Song by Christina Aguilera (solo or with Christian Nodal)

from the album Aguilera
- Language: Spanish
- English title: "When I Want It'
- Released: May 30, 2022 (solo) May 31, 2022 (duet with Christian Nodal)
- Recorded: 2021
- Studio: Art House (Miami, FL)
- Genre: Mariachi ranchera
- Length: 3:26
- Label: Sony Latin
- Songwriters: Christina Aguilera; Federico Vindver; Jorge Luis Chacín; Kat Dahlia; Rafa Arcaute; Yasmil Marrufo; Yoel Henríquez;
- Producers: Federico Vindver; Rafa Arcaute; Yasmil Marrufo;

Audio videos
- "Cuando Me Dé la Gana" (solo) on YouTube
- "Cuando Me Dé la Gana" (with Christian Nodal) on YouTube

= Cuando Me Dé la Gana =

2022 song by Christina Aguilera

"Cuando Me Dé la Gana" is a song recorded by American singer Christina Aguilera for her ninth studio and second Spanish-language album Aguilera (2022). It was written by Aguilera herself, alongside collaborators Federico Vindver, Jorge Luis Chacín, Kat Dahlia, Rafa Arcaute, Yasmil Marrufo, and Yoel Henríquez. The song was produced by Vindver, Arcaute and Marrufo, and it was co-produced by Afo Verde, while the vocal production was handled by Jean Rodríguez. Originally recorded solely by Aguilera, "Cuando Me Dé la Gana" was created during the album's recording sessions, held in early 2021 in Miami, Florida. This version of the song would be released on May 30, 2022 as the fourth track on the extended play (EP) release of the album's second chapter, La Tormenta. The following day a new version of the song with Mexican singer Christian Nodal as a guest vocalist was released as the twelfth track on the album's track list.

"Cuando Me Dé la Gana" is a ranchera song. Despite being featured on the album's La Tormenta chapter, which focuses on vulnerability, the song's lyrics are empowering, with Aguilera telling someone that she can stop loving them whenever she wants to.
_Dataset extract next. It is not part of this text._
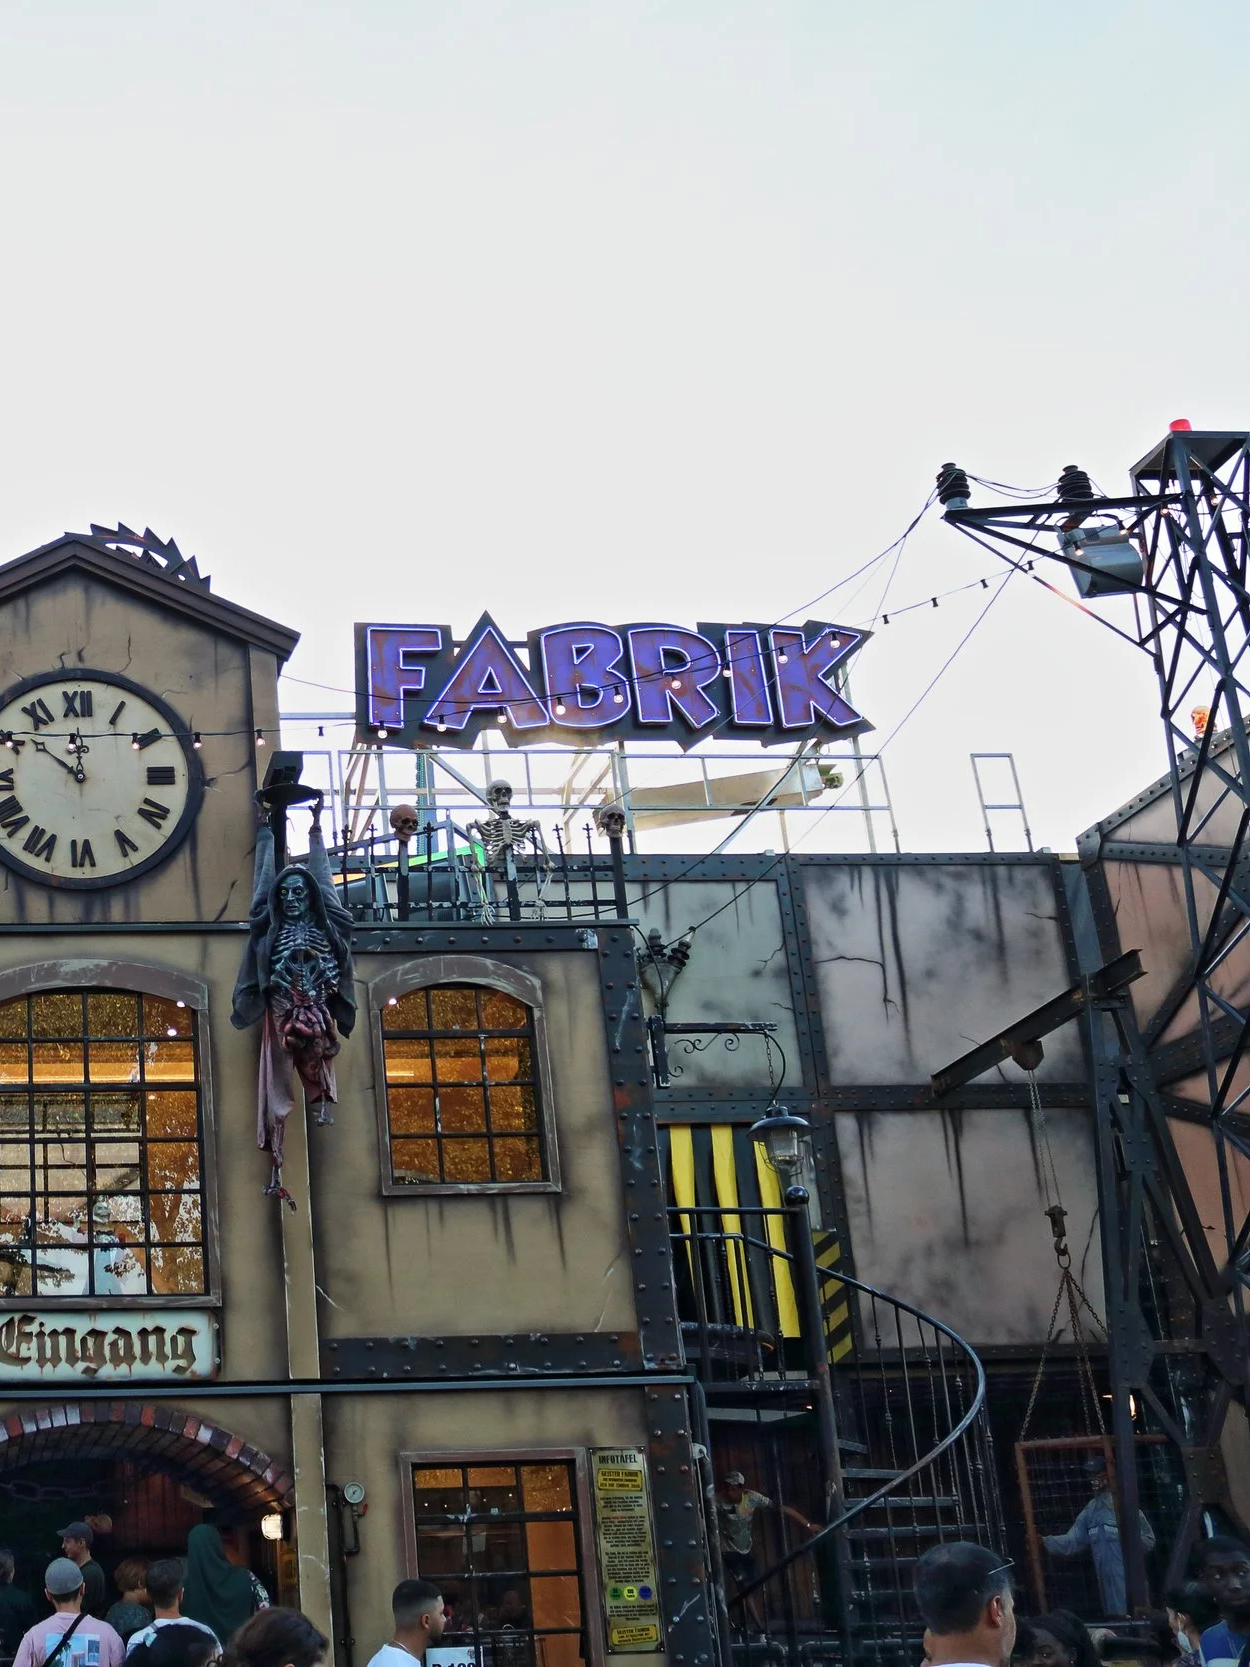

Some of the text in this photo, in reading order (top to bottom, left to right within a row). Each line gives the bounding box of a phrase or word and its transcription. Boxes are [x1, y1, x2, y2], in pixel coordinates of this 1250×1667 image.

[366, 624, 864, 730] FABRIK
[62, 690, 93, 718] XII
[598, 1454, 637, 1464] INFOTAFEL
The duet version of the song reached the top 15 on the Billboard Latin Digital Song Sales chart in the US, and received a nomination for Best Regional Mexican Song at the 23rd Annual Latin Grammy Awards, where Aguilera and Nodal performed the song for the first time.

== Background and composition ==
Having started work on her second Spanish-language album in 2017, Aguilera relocated to Miami in early 2021 to begin the album's recording process. She revealed that her intention was to pay tribute to Latin music genres through the album's sound. "Cuando Me Dé la Gana" was written as a ranchera, a genre of traditional music originating from Mexico and mariachi music. It was written in the key of D♭ Major at a tempo of 146 beats-per-minute.
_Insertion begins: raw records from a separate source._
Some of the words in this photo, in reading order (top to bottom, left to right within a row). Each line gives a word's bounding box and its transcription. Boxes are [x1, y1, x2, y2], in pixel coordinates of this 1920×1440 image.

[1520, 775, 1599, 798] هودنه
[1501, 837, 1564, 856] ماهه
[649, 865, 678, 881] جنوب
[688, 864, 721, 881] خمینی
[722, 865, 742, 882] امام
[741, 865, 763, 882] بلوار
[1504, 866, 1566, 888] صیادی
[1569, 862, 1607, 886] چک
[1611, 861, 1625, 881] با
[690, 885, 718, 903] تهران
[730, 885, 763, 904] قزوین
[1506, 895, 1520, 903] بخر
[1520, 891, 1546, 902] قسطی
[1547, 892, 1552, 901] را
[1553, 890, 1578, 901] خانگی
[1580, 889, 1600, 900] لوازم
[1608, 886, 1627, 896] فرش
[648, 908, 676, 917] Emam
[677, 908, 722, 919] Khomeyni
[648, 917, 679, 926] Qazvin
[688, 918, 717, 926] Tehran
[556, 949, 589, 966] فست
The song's lyrics describe a situation where the singers tell their lover that they are "going to stop loving [them]" when they want to, because they are the ones "in charge" of their heart. According to Entertainment Tonight, the song tells the story of a woman taking charge in a relationship.

== Reception ==

=== Critical response ===
"Cuando Me Dé la Gana" received positive reviews from music critics. In his review of Aguilera for Latina, Lucas Villa praised the Nodal version of the song, complimenting Aguilera's "mighty voice", and Nodal's ability to compliment her well "as they both give passionate performances that are rooted in heartbreak." Billboards Sigal Ratner-Arias called the song "a Mexican masterpiece". Michael Major of BroadwayWorld called the song a "spectacular ranchera".

=== Accolades ===

Accolades received by "Cuando Me Dé la Gana" (Christian Nodal version)
| Year | Ceremony | Category | Result | Ref. |
|---|---|---|---|---|
| 2022 | Latin Grammy Awards | Best Regional Mexican Song | Nominated |  |

== Commercial performance ==
The duet version of the song peaked at number 15 on the Billboard Latin Digital Song Sales chart in the United States on the chart dated December 3, 2022.

== Music video ==
On November 16, 2022, Aguilera teased a short black and white clip from the music video for the solo version of the song. A music video for the solo and duet version with Mexican singer Christian Nodal of the song was expected to be released, if the single is confirmed via radio in some countries.

== Live performances ==
The first performance of "Cuando Me Dé la Gana" occurred at the 23rd Annual Latin Grammy Awards, held on November 17, 2022, where Aguilera performed the song alongside Nodal in a West Side Story inspired setting.